▸ **What the task requires**:
Write out exactly the lines between the line containing "this 1650×1100 image." and the end of the records, counting both ends, and leave out all pictures.

▸ **Provided data**:
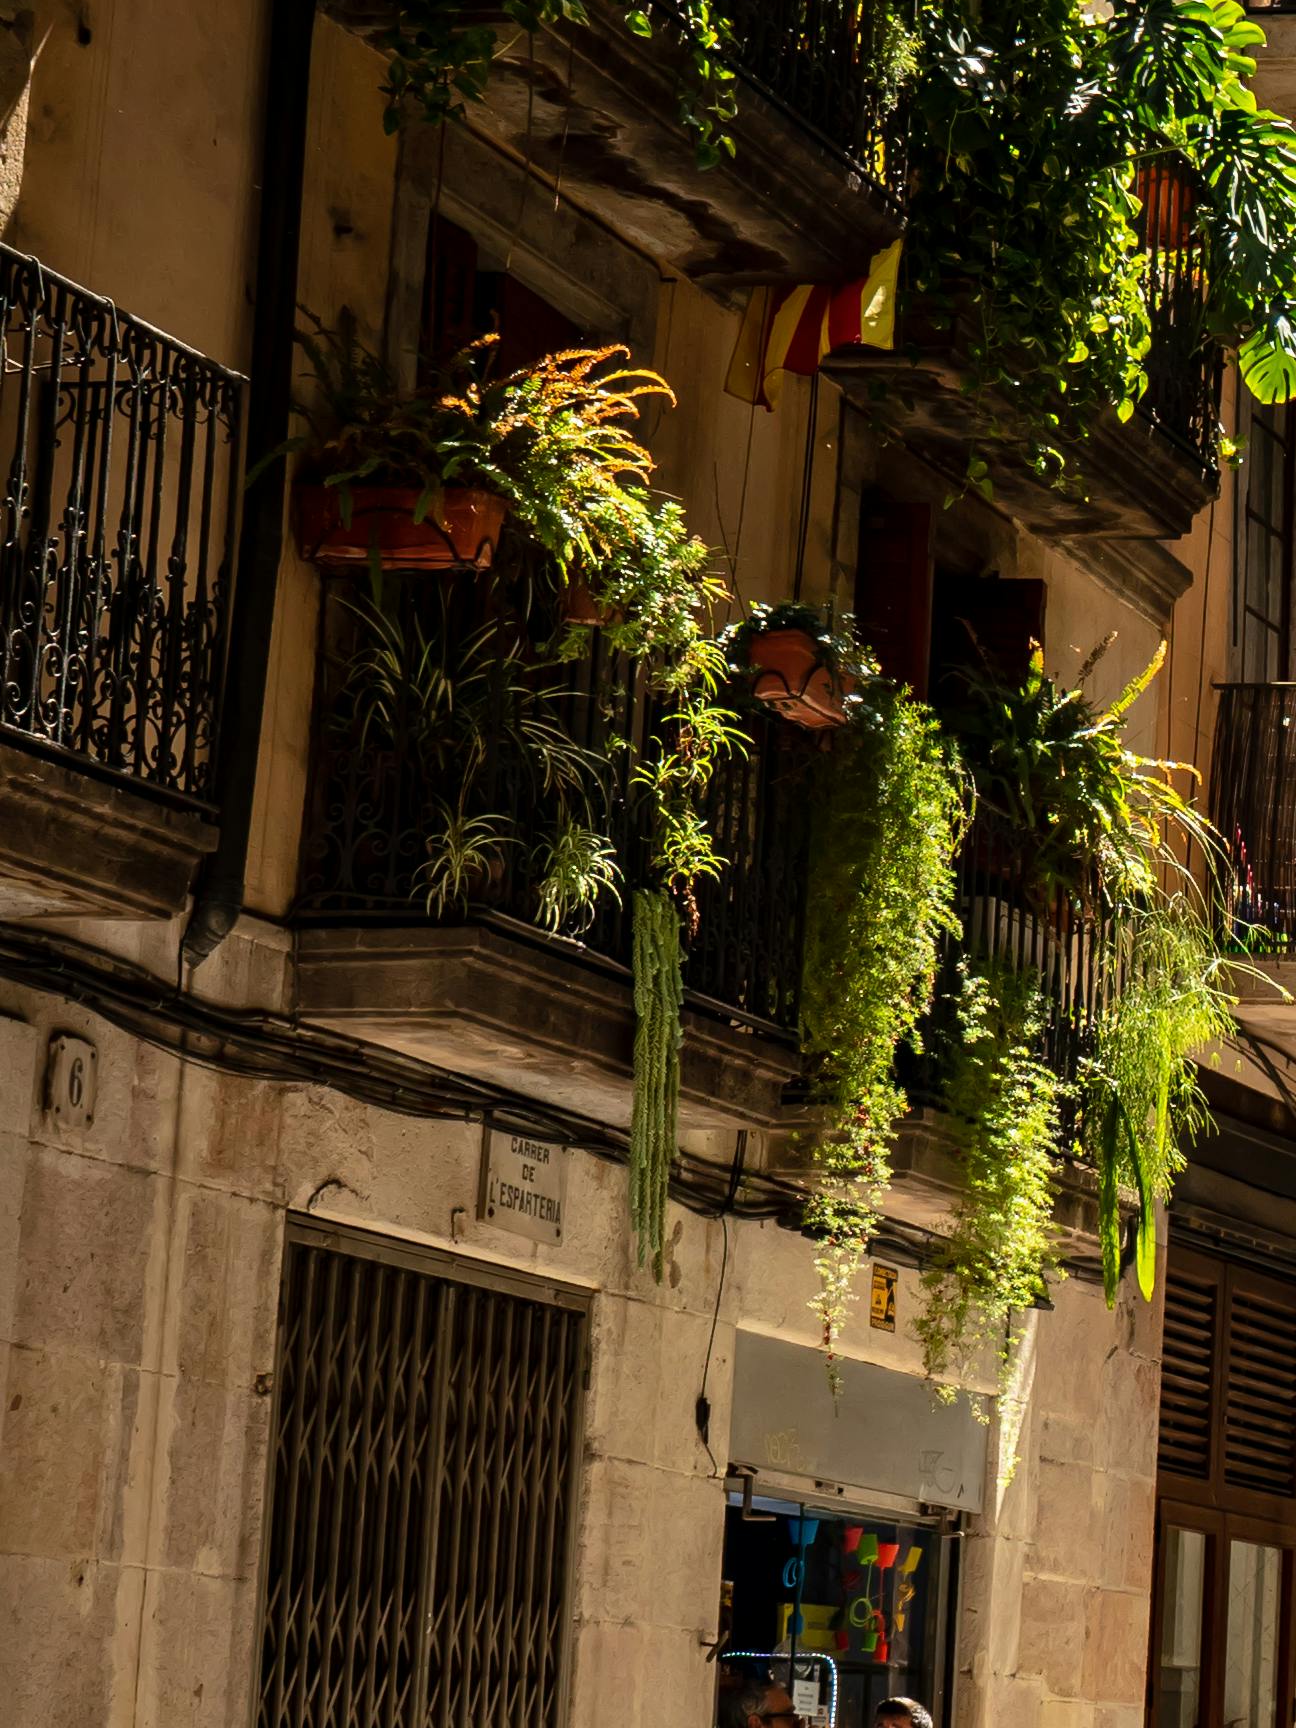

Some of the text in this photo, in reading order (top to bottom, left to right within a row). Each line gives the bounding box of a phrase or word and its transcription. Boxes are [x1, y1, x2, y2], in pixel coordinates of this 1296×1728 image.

[511, 1136, 549, 1164] CARRER
[522, 1164, 535, 1182] DE
[489, 1177, 561, 1225] L'ESPARTERIA
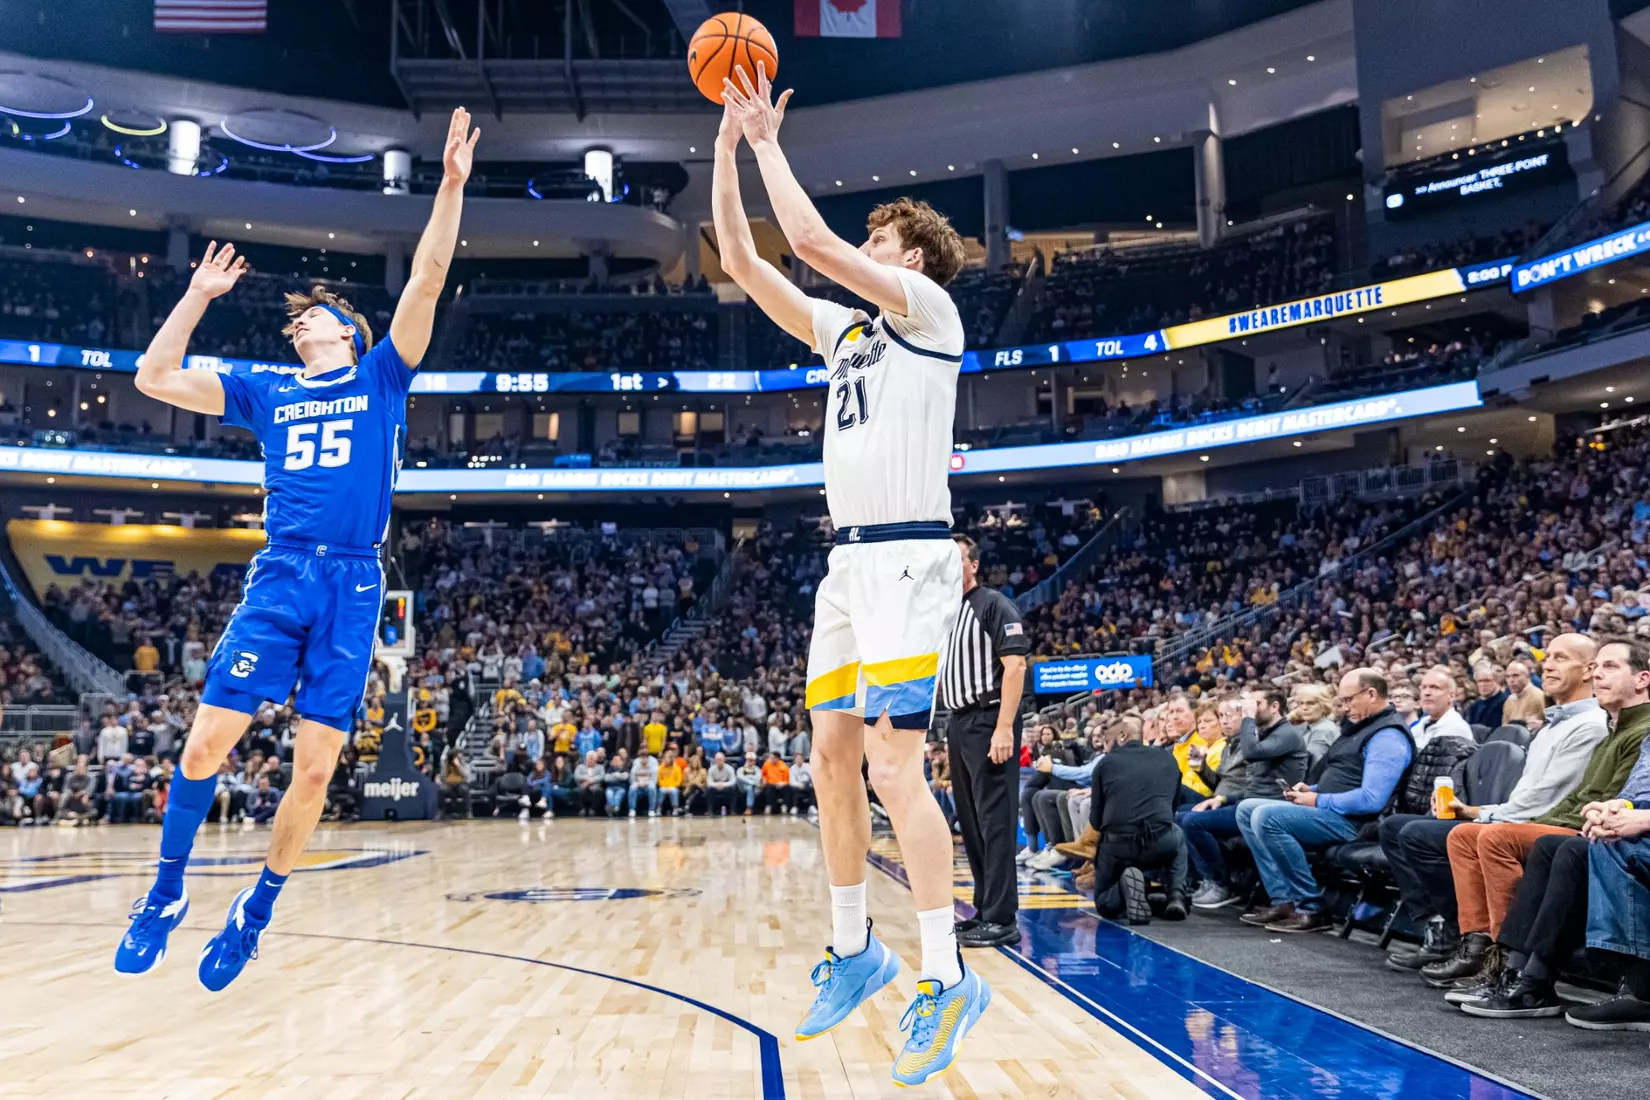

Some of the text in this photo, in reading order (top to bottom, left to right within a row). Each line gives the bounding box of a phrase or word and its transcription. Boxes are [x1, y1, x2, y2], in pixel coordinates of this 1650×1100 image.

[1518, 254, 1572, 286] DON'T
[1573, 233, 1637, 267] WRECK
[1229, 287, 1383, 333] #WEAREMARQUETTE
[28, 345, 113, 368] 1 TOL
[995, 334, 1157, 366] FLS 1 TOL 4
[496, 373, 549, 392] 9:55
[611, 373, 643, 390] 1st
[274, 395, 368, 424] CREIGHTON
[836, 376, 869, 431] 21
[283, 419, 353, 470] 55
[364, 778, 419, 800] meijer
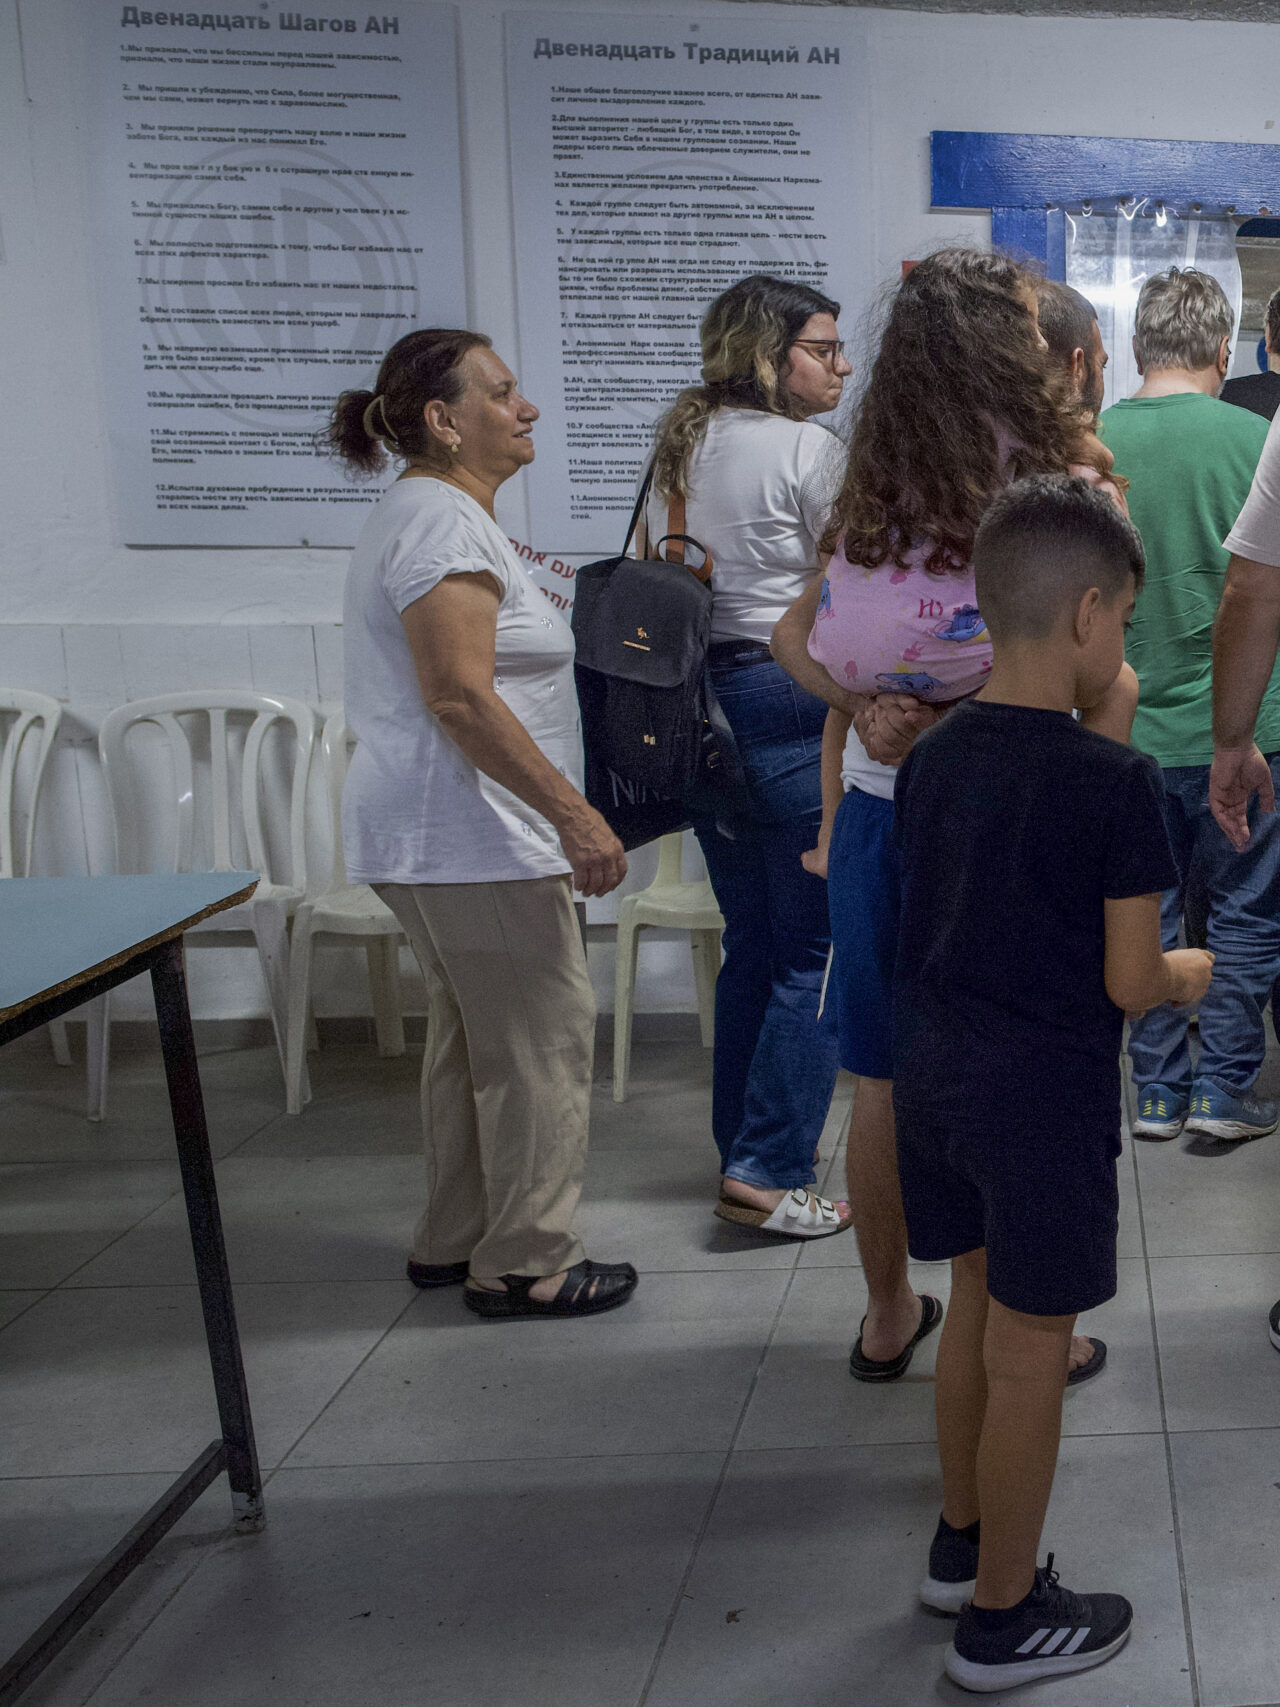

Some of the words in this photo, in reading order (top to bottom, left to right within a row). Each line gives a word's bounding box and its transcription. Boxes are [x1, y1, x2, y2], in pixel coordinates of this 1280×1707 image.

[120, 6, 270, 31] Двенадцать
[279, 12, 356, 32] Шагов
[364, 15, 399, 34] АН
[533, 38, 675, 61] Двенадцать
[683, 42, 799, 65] Традиций
[806, 46, 839, 64] АН
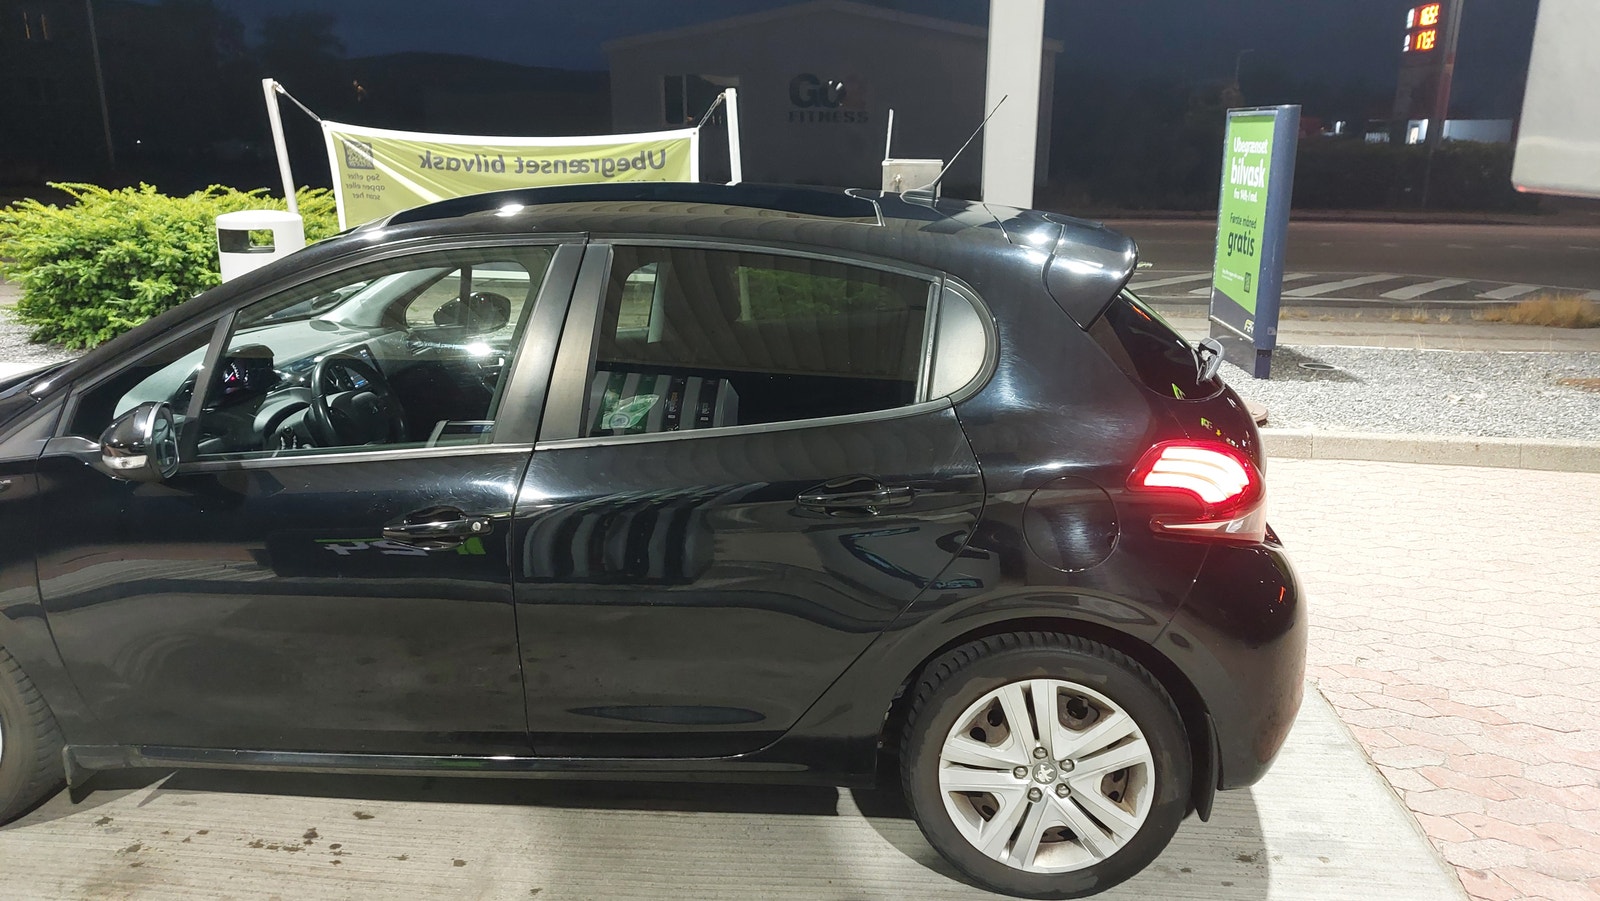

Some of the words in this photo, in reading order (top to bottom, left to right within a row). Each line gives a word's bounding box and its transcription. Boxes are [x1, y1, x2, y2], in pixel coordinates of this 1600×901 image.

▸ **Task output**:
Some of the text in this photo, in reading order (top to bottom, left to right within a row). Each line gives the bounding box of a phrase or word and its transcription. Boxes are [x1, y1, x2, y2], in pixel coordinates of this 1650×1100 image.

[1518, 254, 1572, 286] DON'T
[1573, 233, 1637, 267] WRECK
[1229, 287, 1383, 333] #WEAREMARQUETTE
[28, 345, 113, 368] 1 TOL
[995, 334, 1157, 366] FLS 1 TOL 4
[496, 373, 549, 392] 9:55
[611, 373, 643, 390] 1st
[274, 395, 368, 424] CREIGHTON
[836, 376, 869, 431] 21
[283, 419, 353, 470] 55
[364, 778, 419, 800] meijer

Some of the words in this photo, in reading order (top to bottom, left to right within a row). Each line gives a word's bounding box and its transcription. Boxes are [x1, y1, x2, y2], in pixel coordinates of this 1280×1707 image.

[120, 6, 270, 31] Двенадцать
[279, 12, 356, 32] Шагов
[364, 15, 399, 34] АН
[533, 38, 675, 61] Двенадцать
[683, 42, 799, 65] Традиций
[806, 46, 839, 64] АН

Some of the words in this photo, in reading order (top to bottom, left to right within a row). Each line gives a word's bounding box and its transcription. Boxes are [x1, y1, x2, y2], in pixel coordinates of this 1600×901 image.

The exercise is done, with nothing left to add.